* WORK REQUIRED *
Because only the text is wanted, repeat the records below exactly and omit the pictures.

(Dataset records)
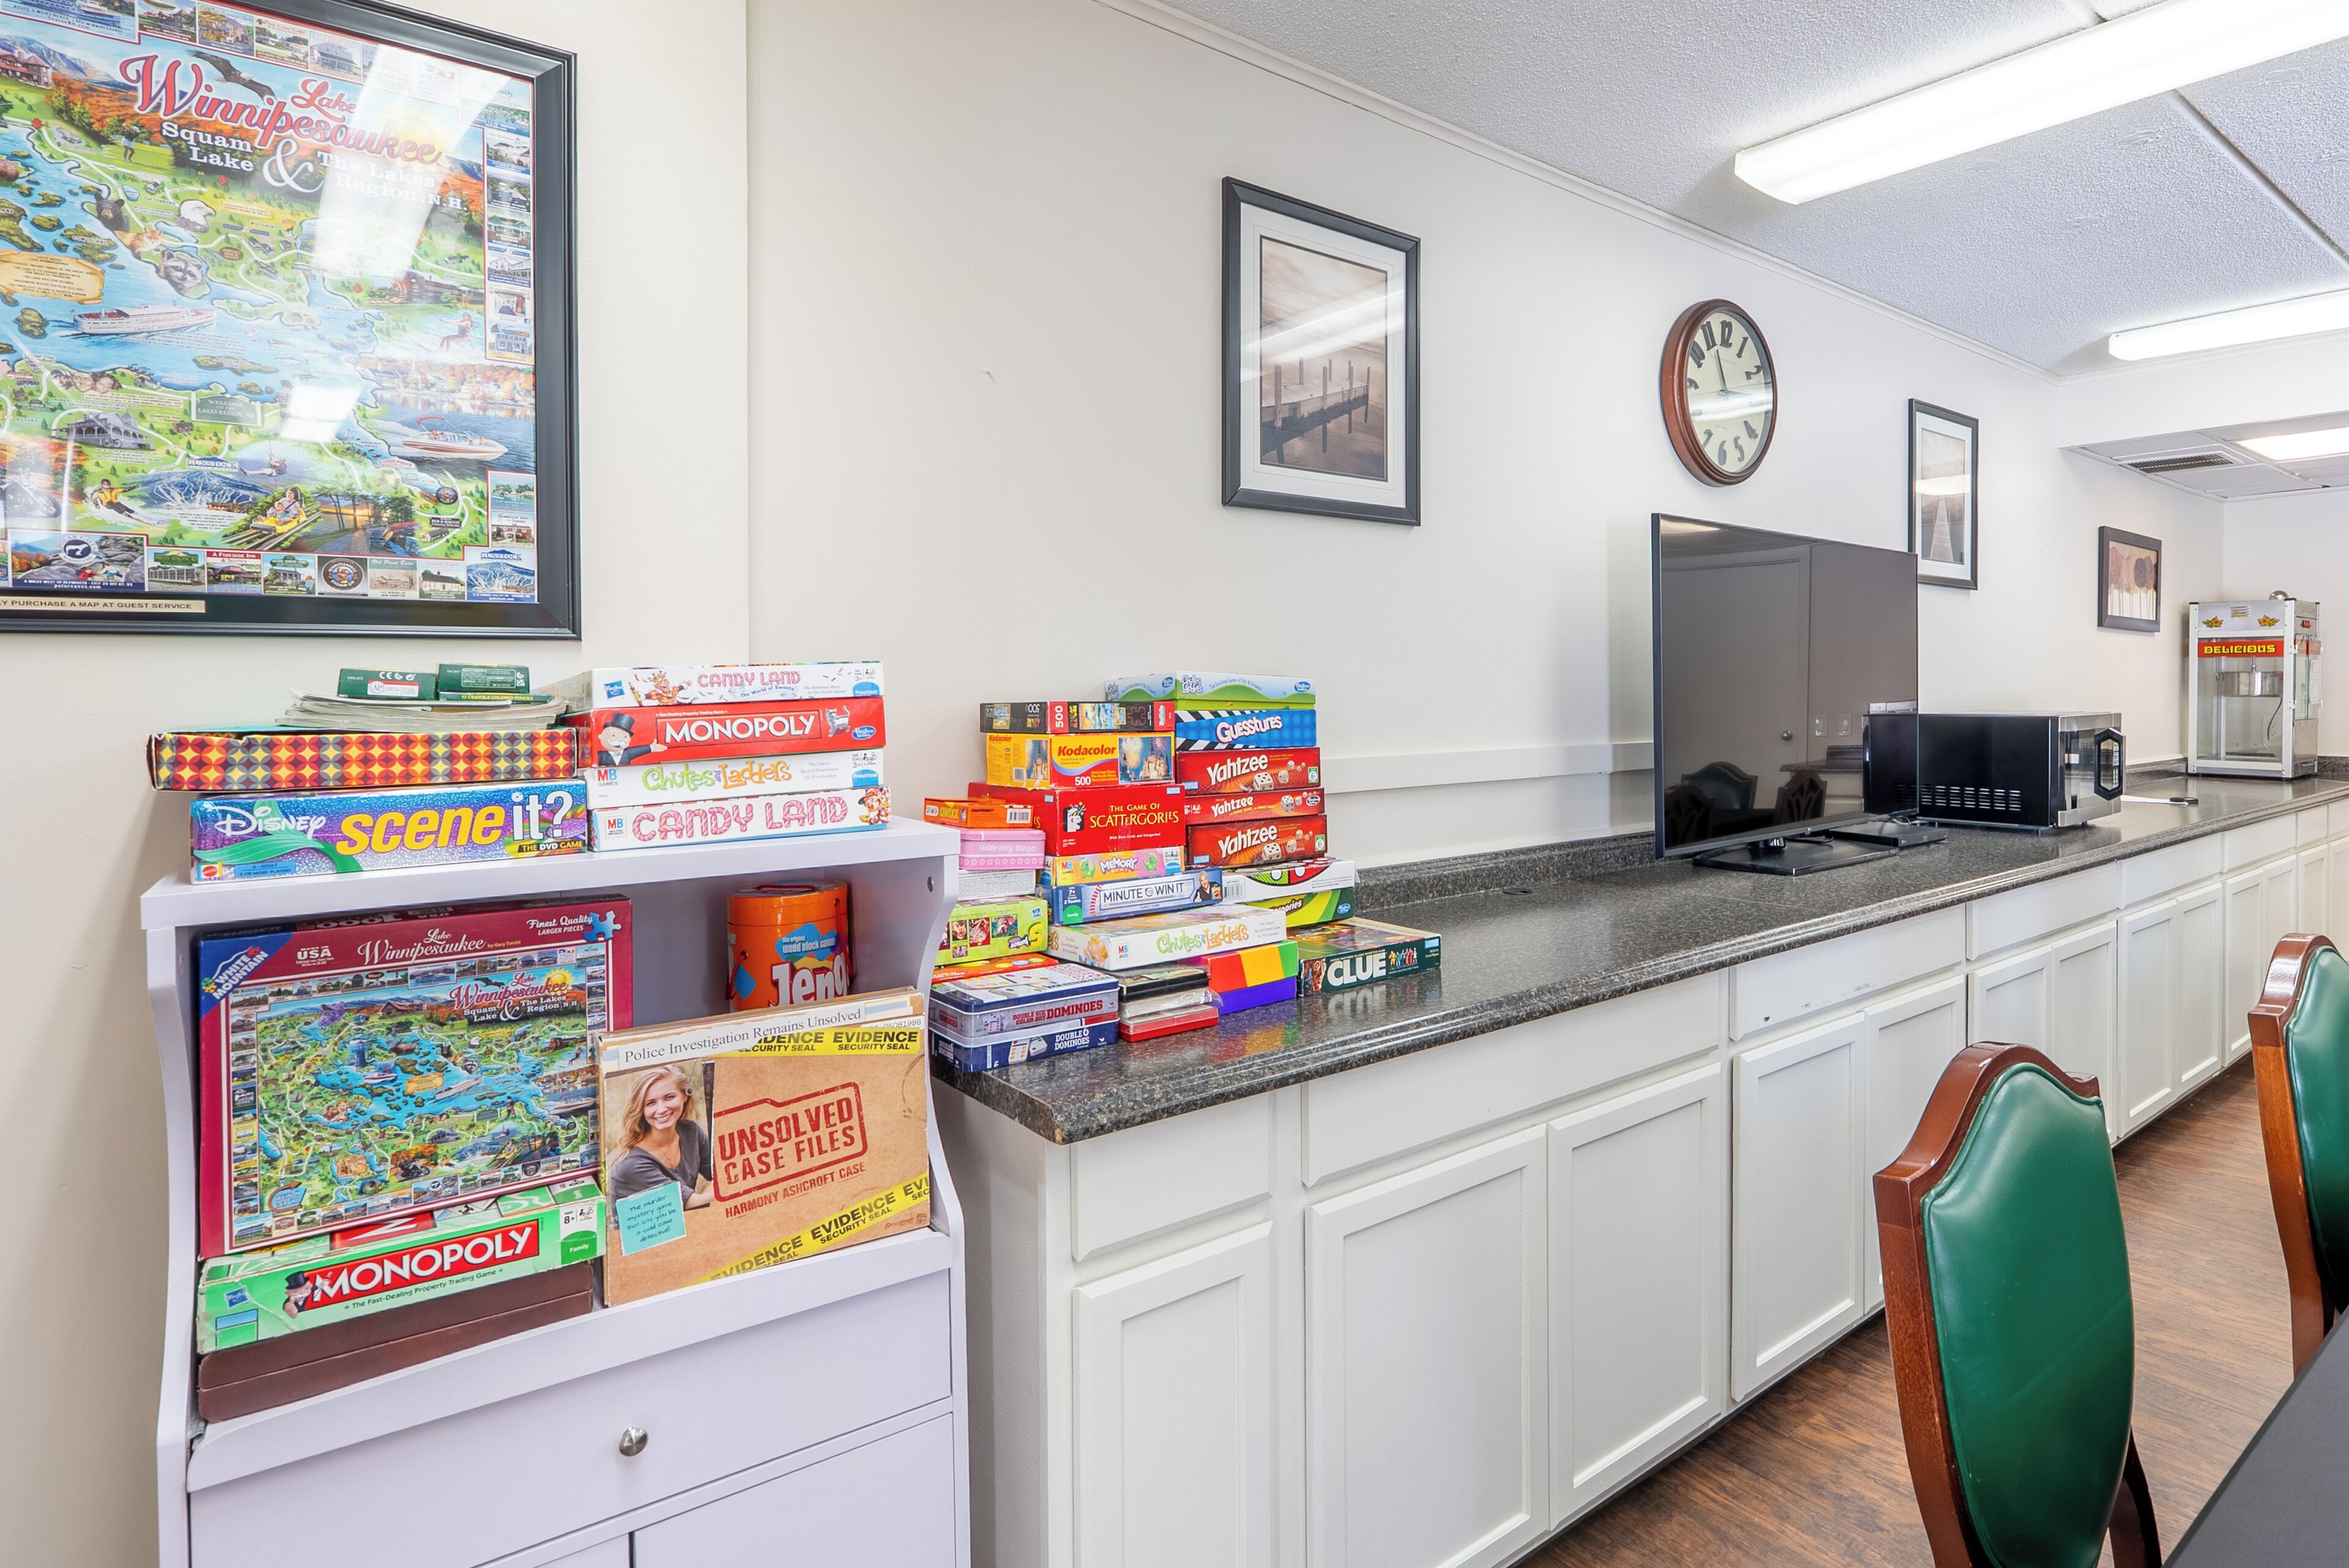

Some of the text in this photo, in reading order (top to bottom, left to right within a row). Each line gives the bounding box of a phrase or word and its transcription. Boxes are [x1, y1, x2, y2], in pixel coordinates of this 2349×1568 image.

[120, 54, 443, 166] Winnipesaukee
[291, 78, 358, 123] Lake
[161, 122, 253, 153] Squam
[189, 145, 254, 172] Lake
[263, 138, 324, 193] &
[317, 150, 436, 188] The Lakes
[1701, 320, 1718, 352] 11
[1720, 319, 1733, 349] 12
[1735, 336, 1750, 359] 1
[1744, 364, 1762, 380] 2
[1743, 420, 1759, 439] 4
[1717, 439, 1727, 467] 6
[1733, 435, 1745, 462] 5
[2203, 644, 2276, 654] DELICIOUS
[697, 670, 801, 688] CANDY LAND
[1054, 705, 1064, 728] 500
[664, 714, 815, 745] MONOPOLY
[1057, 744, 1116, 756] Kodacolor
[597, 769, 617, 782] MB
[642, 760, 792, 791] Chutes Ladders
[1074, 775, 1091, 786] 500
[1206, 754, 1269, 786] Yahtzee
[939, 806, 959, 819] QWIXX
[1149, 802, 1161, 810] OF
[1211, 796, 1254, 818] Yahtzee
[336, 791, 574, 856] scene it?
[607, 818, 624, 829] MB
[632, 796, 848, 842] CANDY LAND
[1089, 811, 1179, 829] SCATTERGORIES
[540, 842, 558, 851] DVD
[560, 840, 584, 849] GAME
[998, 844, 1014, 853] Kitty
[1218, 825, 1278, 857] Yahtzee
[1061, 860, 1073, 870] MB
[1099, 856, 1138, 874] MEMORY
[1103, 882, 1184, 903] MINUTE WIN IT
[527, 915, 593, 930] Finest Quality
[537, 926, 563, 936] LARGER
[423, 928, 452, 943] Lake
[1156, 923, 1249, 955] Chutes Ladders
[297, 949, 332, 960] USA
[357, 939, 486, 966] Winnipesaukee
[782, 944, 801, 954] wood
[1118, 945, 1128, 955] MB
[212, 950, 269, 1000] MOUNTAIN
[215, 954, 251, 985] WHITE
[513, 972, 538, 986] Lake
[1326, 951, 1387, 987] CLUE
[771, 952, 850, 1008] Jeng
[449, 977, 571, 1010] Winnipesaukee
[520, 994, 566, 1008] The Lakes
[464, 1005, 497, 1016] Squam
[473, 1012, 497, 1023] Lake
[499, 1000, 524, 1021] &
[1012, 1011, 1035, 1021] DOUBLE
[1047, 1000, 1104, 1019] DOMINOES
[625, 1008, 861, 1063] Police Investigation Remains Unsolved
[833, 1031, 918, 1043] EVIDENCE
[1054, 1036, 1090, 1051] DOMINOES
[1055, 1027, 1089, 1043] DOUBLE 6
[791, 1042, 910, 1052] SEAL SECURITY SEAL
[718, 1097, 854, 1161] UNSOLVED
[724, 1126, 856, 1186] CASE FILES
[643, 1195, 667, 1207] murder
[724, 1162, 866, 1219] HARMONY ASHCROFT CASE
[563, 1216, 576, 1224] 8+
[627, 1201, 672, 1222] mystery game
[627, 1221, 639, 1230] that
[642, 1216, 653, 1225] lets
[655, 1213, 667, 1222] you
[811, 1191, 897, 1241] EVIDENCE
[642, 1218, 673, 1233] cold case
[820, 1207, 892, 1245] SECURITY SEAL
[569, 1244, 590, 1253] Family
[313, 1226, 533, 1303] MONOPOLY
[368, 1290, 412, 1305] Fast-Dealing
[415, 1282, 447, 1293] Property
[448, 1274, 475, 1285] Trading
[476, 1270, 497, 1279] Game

* ANSWER BOX *
Some of the text in this photo, in reading order (top to bottom, left to right within a row). Each line gives the bounding box of a phrase or word and its transcription. Boxes are [x1, y1, x2, y2], in pixel coordinates of this 2349×1568 image.

[120, 54, 443, 166] Winnipesaukee
[291, 78, 358, 123] Lake
[161, 122, 253, 153] Squam
[189, 145, 254, 172] Lake
[263, 138, 324, 193] &
[317, 150, 436, 188] The Lakes
[1701, 320, 1718, 352] 11
[1720, 319, 1733, 349] 12
[1735, 336, 1750, 359] 1
[1744, 364, 1762, 380] 2
[1743, 420, 1759, 439] 4
[1717, 439, 1727, 467] 6
[1733, 435, 1745, 462] 5
[2203, 644, 2276, 654] DELICIOUS
[697, 670, 801, 688] CANDY LAND
[1054, 705, 1064, 728] 500
[664, 714, 815, 745] MONOPOLY
[1057, 744, 1116, 756] Kodacolor
[597, 769, 617, 782] MB
[642, 760, 792, 791] Chutes Ladders
[1074, 775, 1091, 786] 500
[1206, 754, 1269, 786] Yahtzee
[939, 806, 959, 819] QWIXX
[1149, 802, 1161, 810] OF
[1211, 796, 1254, 818] Yahtzee
[336, 791, 574, 856] scene it?
[607, 818, 624, 829] MB
[632, 796, 848, 842] CANDY LAND
[1089, 811, 1179, 829] SCATTERGORIES
[540, 842, 558, 851] DVD
[560, 840, 584, 849] GAME
[998, 844, 1014, 853] Kitty
[1218, 825, 1278, 857] Yahtzee
[1061, 860, 1073, 870] MB
[1099, 856, 1138, 874] MEMORY
[1103, 882, 1184, 903] MINUTE WIN IT
[527, 915, 593, 930] Finest Quality
[537, 926, 563, 936] LARGER
[423, 928, 452, 943] Lake
[1156, 923, 1249, 955] Chutes Ladders
[297, 949, 332, 960] USA
[357, 939, 486, 966] Winnipesaukee
[782, 944, 801, 954] wood
[1118, 945, 1128, 955] MB
[212, 950, 269, 1000] MOUNTAIN
[215, 954, 251, 985] WHITE
[513, 972, 538, 986] Lake
[1326, 951, 1387, 987] CLUE
[771, 952, 850, 1008] Jeng
[449, 977, 571, 1010] Winnipesaukee
[520, 994, 566, 1008] The Lakes
[464, 1005, 497, 1016] Squam
[473, 1012, 497, 1023] Lake
[499, 1000, 524, 1021] &
[1012, 1011, 1035, 1021] DOUBLE
[1047, 1000, 1104, 1019] DOMINOES
[625, 1008, 861, 1063] Police Investigation Remains Unsolved
[833, 1031, 918, 1043] EVIDENCE
[1054, 1036, 1090, 1051] DOMINOES
[1055, 1027, 1089, 1043] DOUBLE 6
[791, 1042, 910, 1052] SEAL SECURITY SEAL
[718, 1097, 854, 1161] UNSOLVED
[724, 1126, 856, 1186] CASE FILES
[643, 1195, 667, 1207] murder
[724, 1162, 866, 1219] HARMONY ASHCROFT CASE
[563, 1216, 576, 1224] 8+
[627, 1201, 672, 1222] mystery game
[627, 1221, 639, 1230] that
[642, 1216, 653, 1225] lets
[655, 1213, 667, 1222] you
[811, 1191, 897, 1241] EVIDENCE
[642, 1218, 673, 1233] cold case
[820, 1207, 892, 1245] SECURITY SEAL
[569, 1244, 590, 1253] Family
[313, 1226, 533, 1303] MONOPOLY
[368, 1290, 412, 1305] Fast-Dealing
[415, 1282, 447, 1293] Property
[448, 1274, 475, 1285] Trading
[476, 1270, 497, 1279] Game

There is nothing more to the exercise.